Most of the time, the body's blood-forming (hematopoietic) stem cells remain dormant, with just a few producing blood cells and maintaining a balance among the different types.
However, invading bacteria can be a call-to-arms, awaking the sleeping stem cells and prompting them to produce immune system cells that fight the foreign organisms. The "bugler" that awakes the stem cells in this battle is gamma interferon, a front-line protein defender against bacterial infection, said researchers from Baylor College of Medicine (www.bcm.edu) in a report that appears in the current issue of the journal Nature (www.nature.com).
"We are looking at the normal function of stem cells," said Dr. Margaret Goodell (www.bcm.edu/star/index.cfm?pmid=2947), professor of molecular and human genetics at BCM and director of the Stem Cells and Regenerative Medicine (STaR) (www.bcm.edu/star/index.cfm?PMID=0) Center. She is the report's senior author. "One of those is to respond to an infection."
Goodell and her colleagues knew that cells farther along in the differentiation process responded to infection, increasing the production of immune cells.
"We were sure there was a mechanism by which hematopoietic stem cells respond to infection, but it was not obvious," she said. They started their work with gamma interferon because they knew it played an important role in bacterial infection.
The collaboration and talents of two researchers in her laboratory - first co-authors Drs. Megan T. Baldridge and Katherine Y. King - facilitated the work with mice that led to this finding, said Goodell. Both are at BCM.
"I think our findings represent an exciting new avenue for studying hematopoiesis," said King. "By viewing the hematopoietic stem cell as the source of the immune system, we are finding fundamental ways in which the immune response affects bone marrow. This is the first time that anyone has extensively studied hematopoietic stem cells in the context of an in vivo model (a living organism) of infection."
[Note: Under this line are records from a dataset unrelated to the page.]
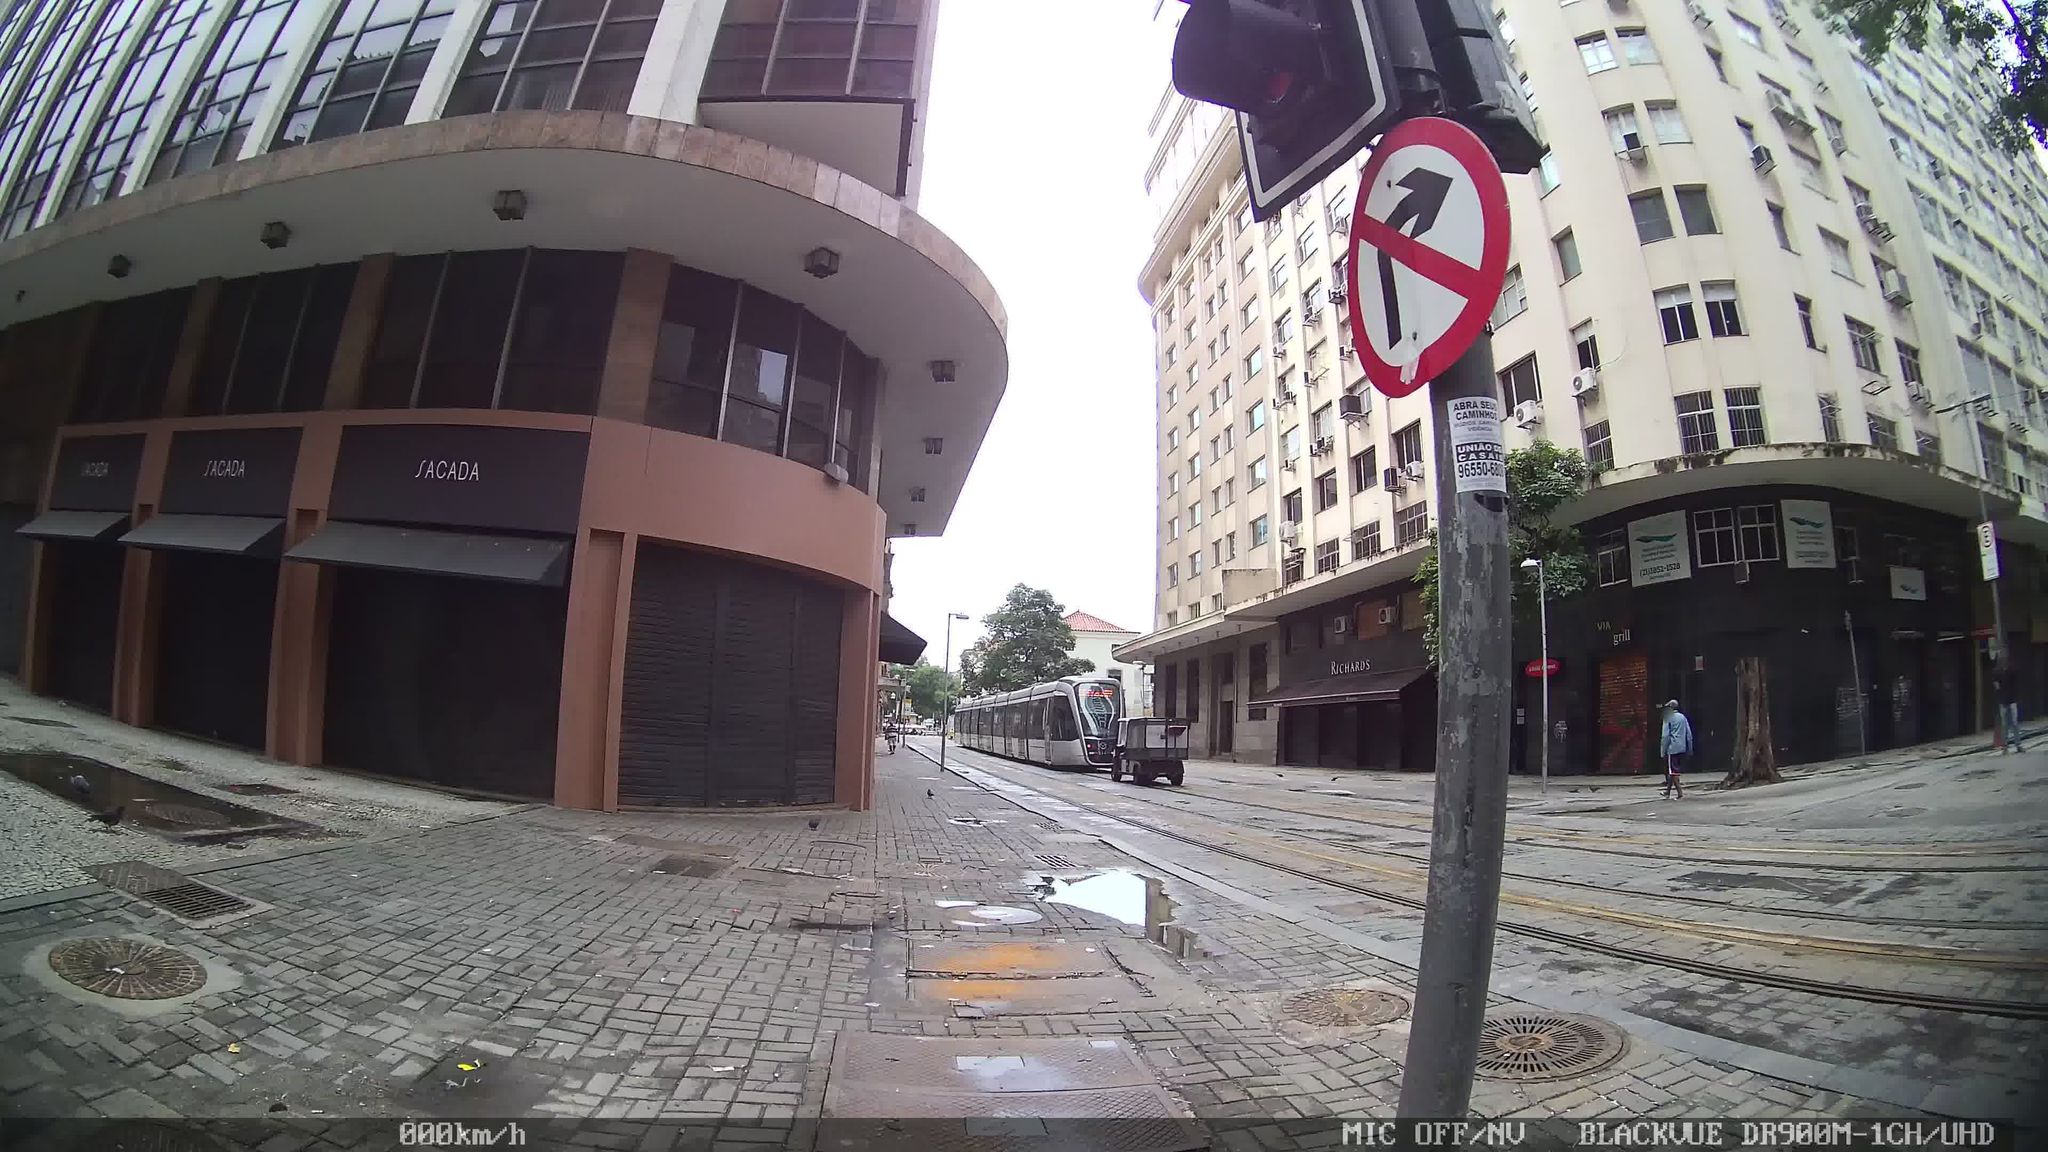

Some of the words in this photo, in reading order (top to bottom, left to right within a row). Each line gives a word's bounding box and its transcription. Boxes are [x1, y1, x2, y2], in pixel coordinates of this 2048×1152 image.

[1454, 401, 1478, 411] ABRA
[1457, 443, 1492, 453] UNIÃO
[204, 460, 246, 478] SACADA
[415, 459, 479, 481] SACADA
[1613, 629, 1630, 646] grill
[1331, 660, 1371, 675] RICHARDS
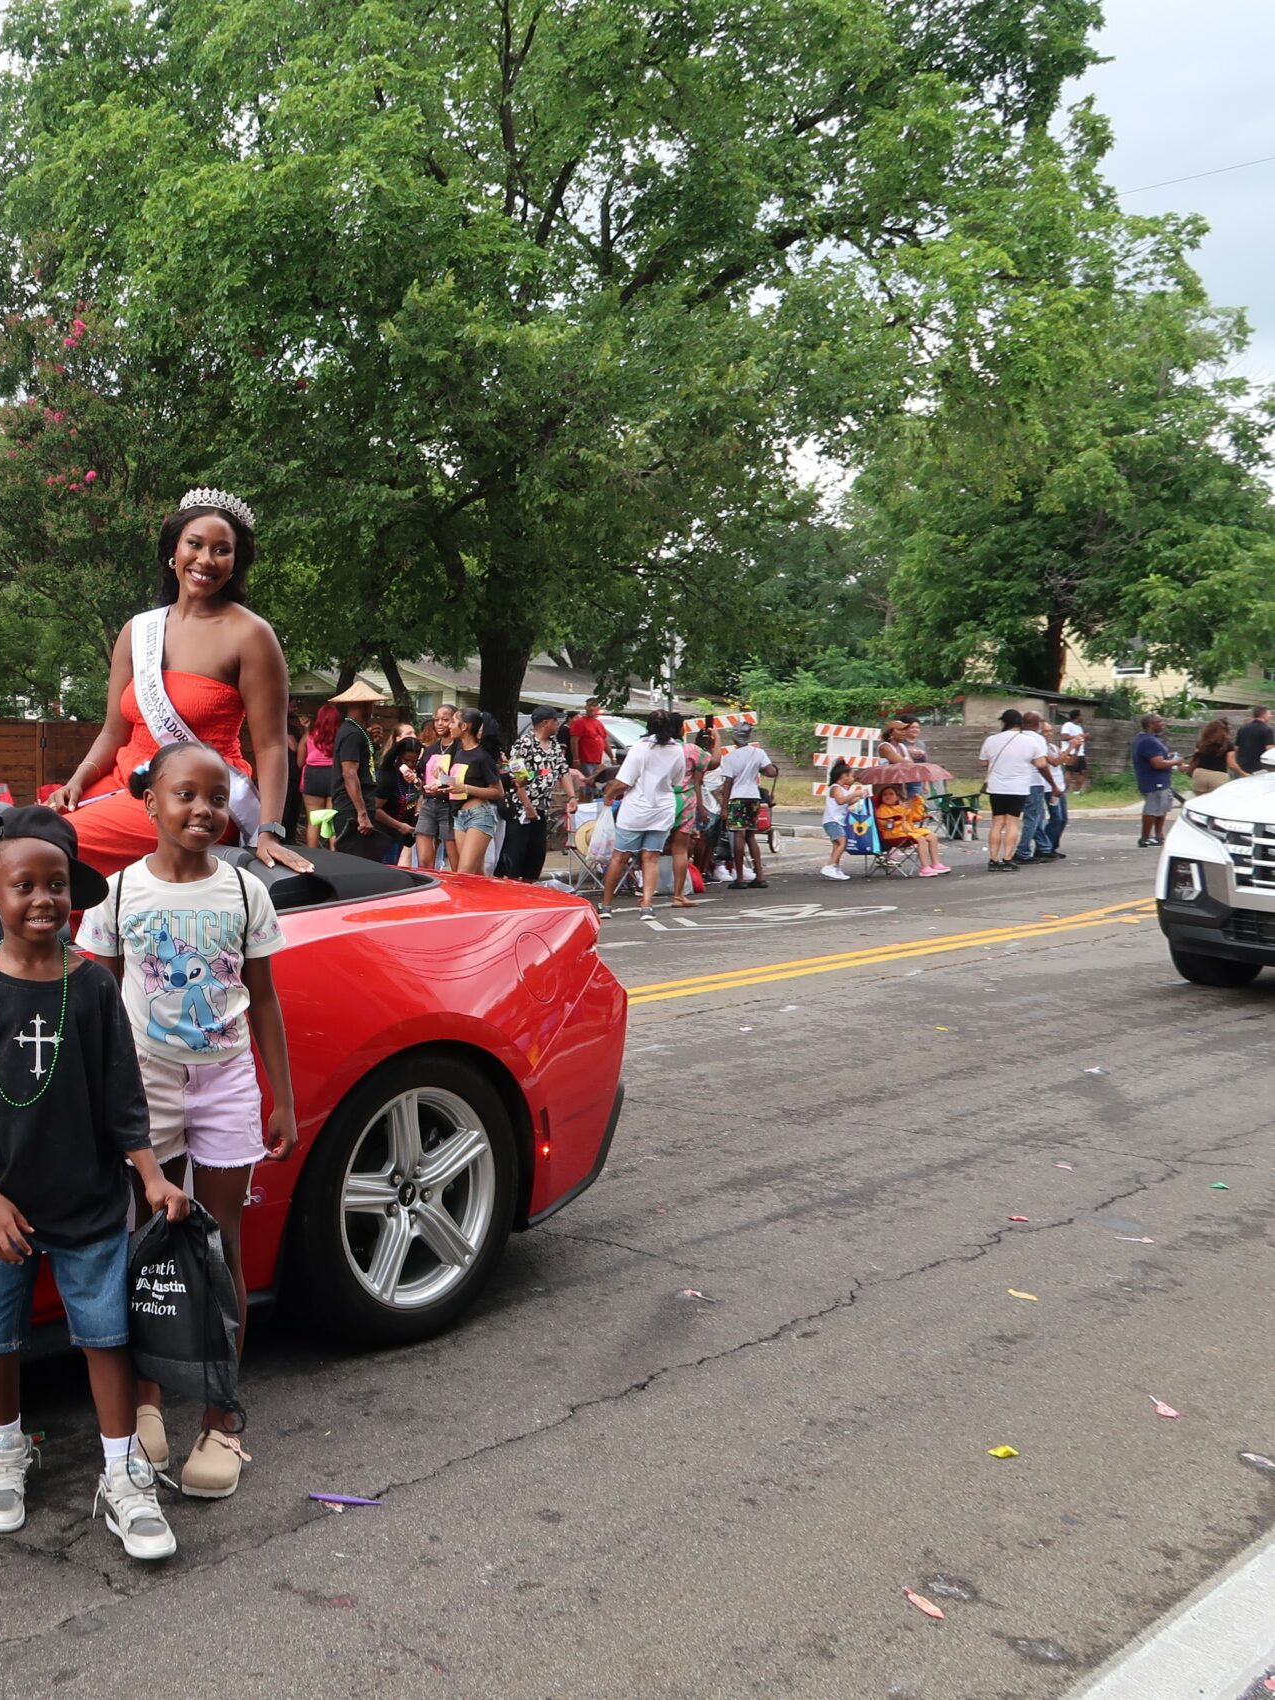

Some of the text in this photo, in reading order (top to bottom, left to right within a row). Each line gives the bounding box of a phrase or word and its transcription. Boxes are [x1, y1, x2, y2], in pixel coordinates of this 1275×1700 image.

"As a specialist in infectious diseases, I see many patients whose bone marrow no longer produces sufficient blood cells as a consequence of their infection. This is particularly relevant in chronic infections such as mycobacterial diseases (that include tuberculosis) and AIDS," said King. "Our studies lend insight into the causes of this decrease in bone marrow function during such infections, and I hope the work will someday lead to new therapies."